What is expected
Before printing the listing, strip out its pictures and keep everything else exact.

Data
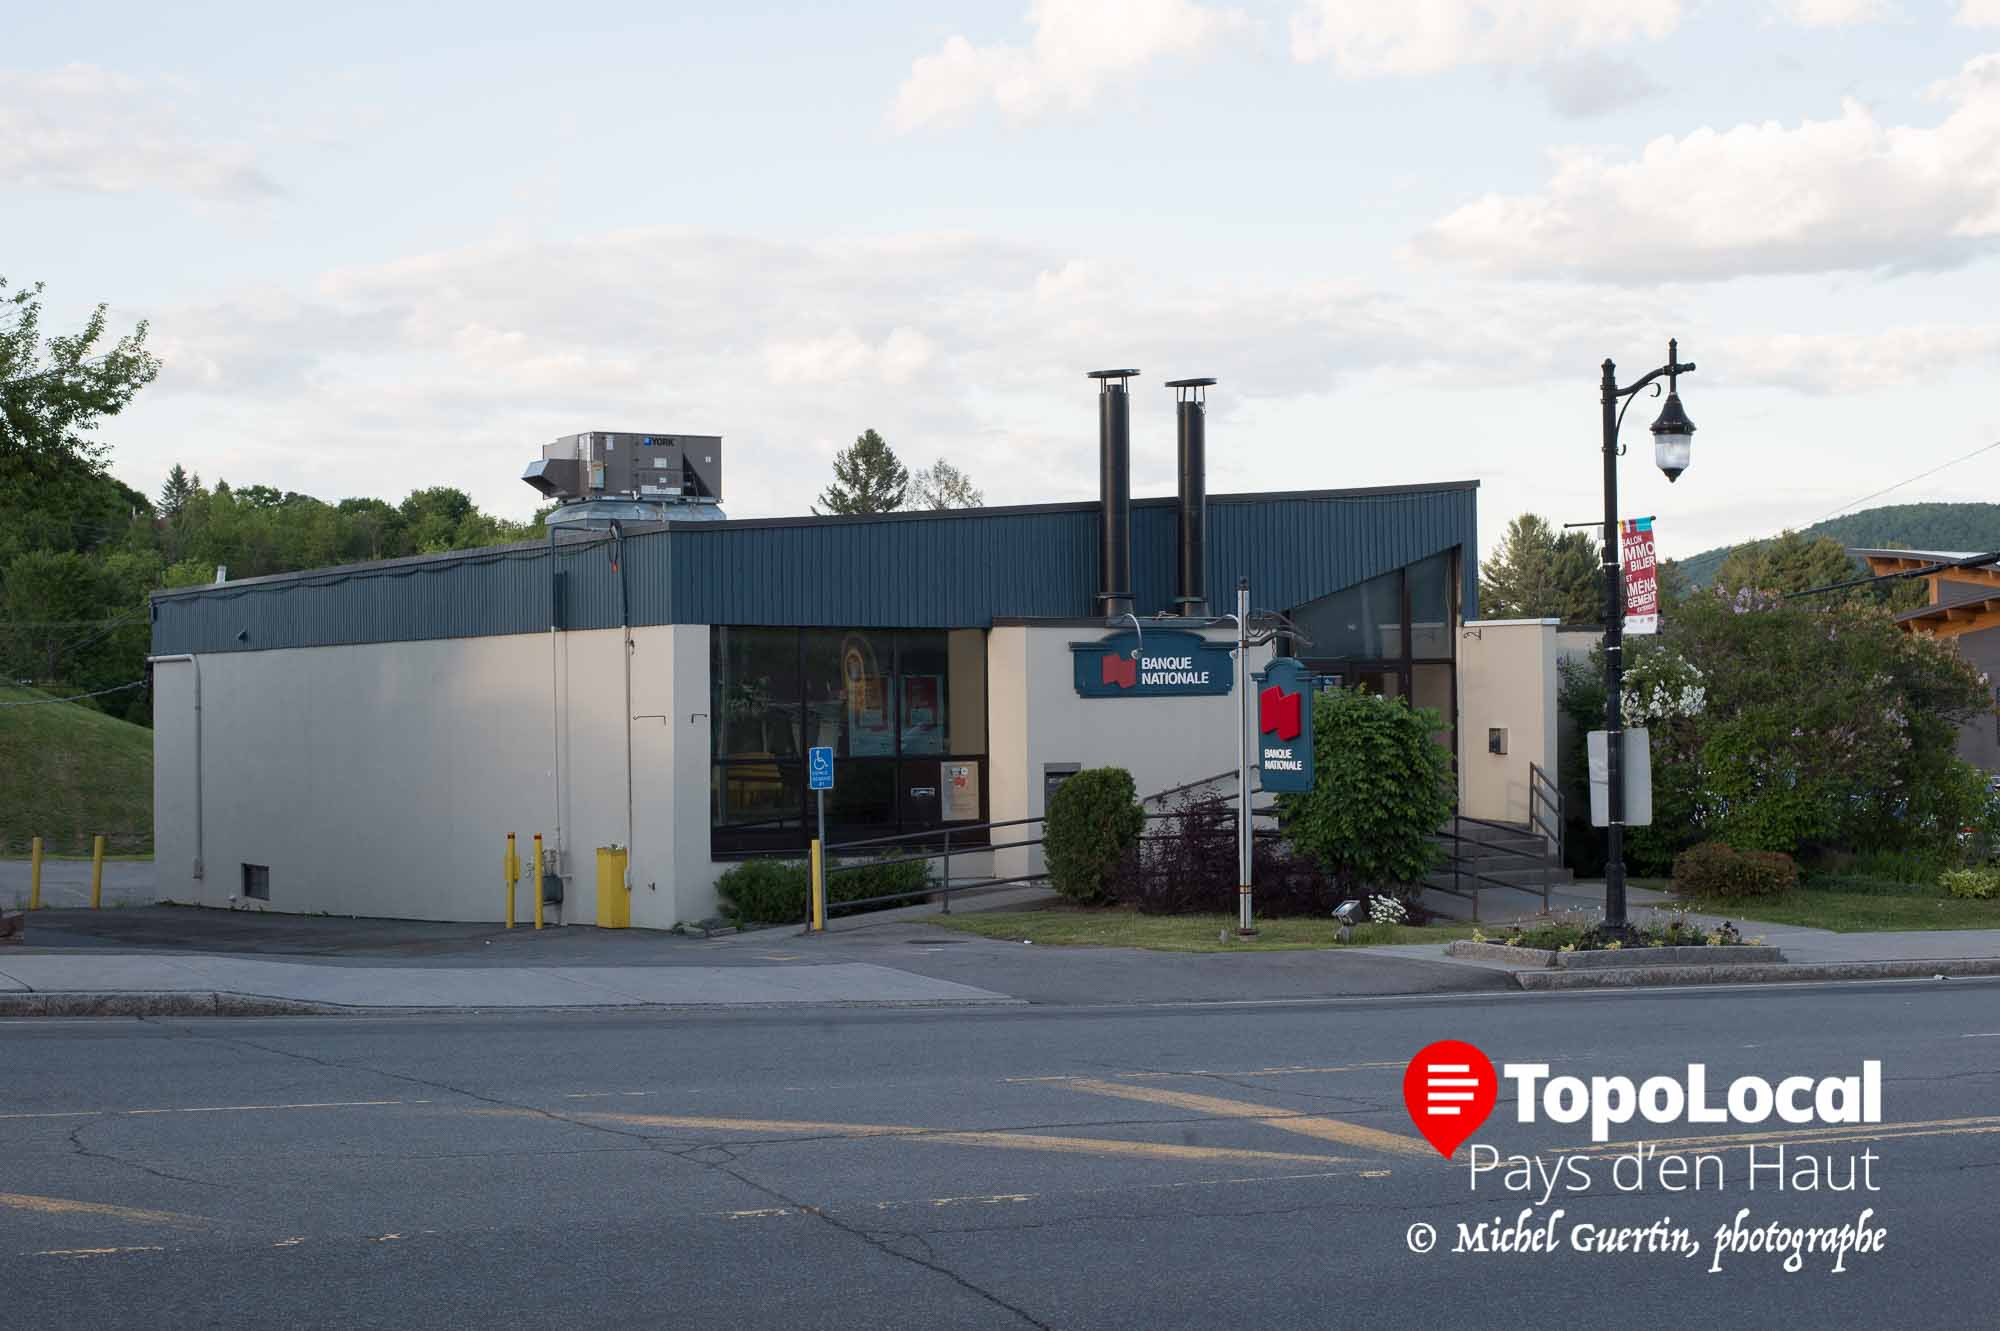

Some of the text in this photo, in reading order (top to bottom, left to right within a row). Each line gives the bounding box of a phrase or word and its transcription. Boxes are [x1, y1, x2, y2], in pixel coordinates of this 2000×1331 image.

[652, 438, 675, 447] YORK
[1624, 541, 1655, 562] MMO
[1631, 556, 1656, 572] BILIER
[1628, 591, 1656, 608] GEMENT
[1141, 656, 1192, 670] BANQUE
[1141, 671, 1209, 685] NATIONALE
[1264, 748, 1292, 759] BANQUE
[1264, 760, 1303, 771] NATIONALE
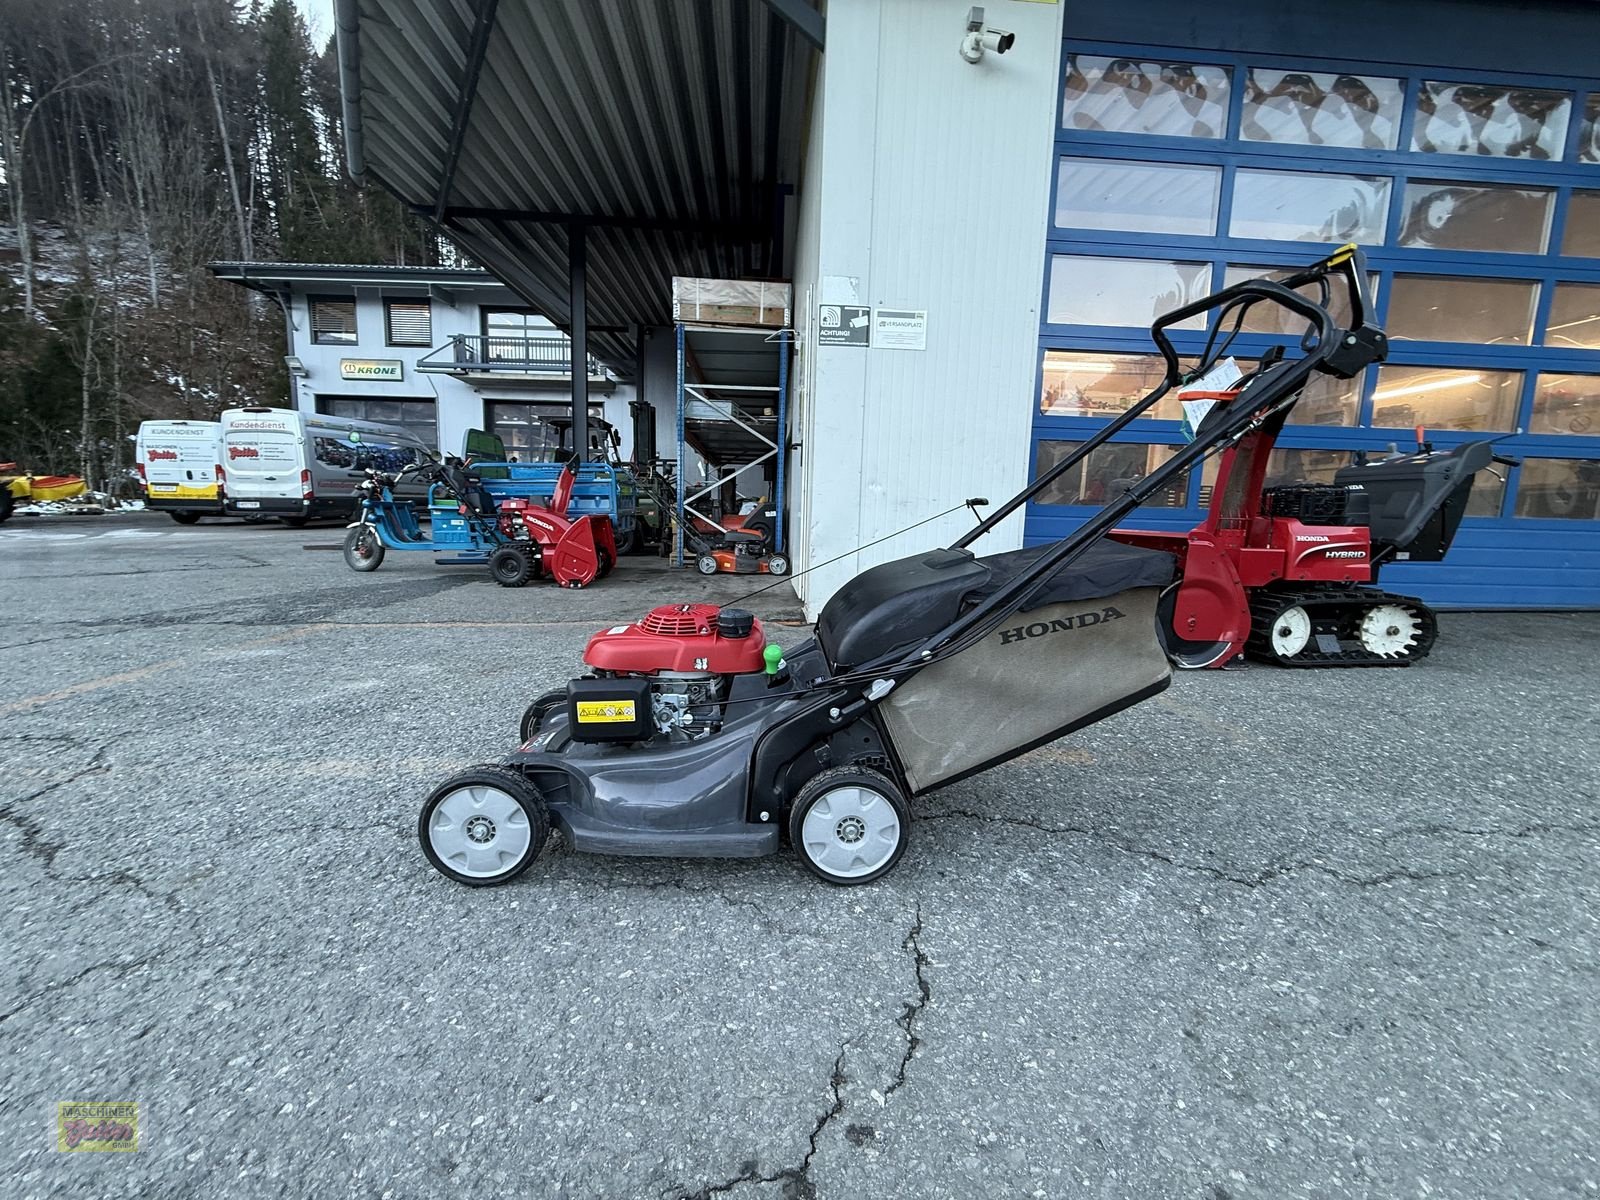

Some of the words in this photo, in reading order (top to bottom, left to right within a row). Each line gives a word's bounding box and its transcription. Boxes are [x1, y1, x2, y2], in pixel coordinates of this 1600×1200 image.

Your solution
Some of the text in this photo, in reading order (top to bottom, left to right within a row). Each line gives the bounding box of a phrase or word and its transcription. Boxes are [x1, y1, x2, y2], in pixel coordinates of this 2000×1331 image.

[652, 438, 675, 447] YORK
[1624, 541, 1655, 562] MMO
[1631, 556, 1656, 572] BILIER
[1628, 591, 1656, 608] GEMENT
[1141, 656, 1192, 670] BANQUE
[1141, 671, 1209, 685] NATIONALE
[1264, 748, 1292, 759] BANQUE
[1264, 760, 1303, 771] NATIONALE

Some of the words in this photo, in reading order (top to bottom, left to right within a row). Each line gives a word's bounding box and its transcription. Boxes are [x1, y1, x2, y2], in pixel coordinates of this 1600×1200 image.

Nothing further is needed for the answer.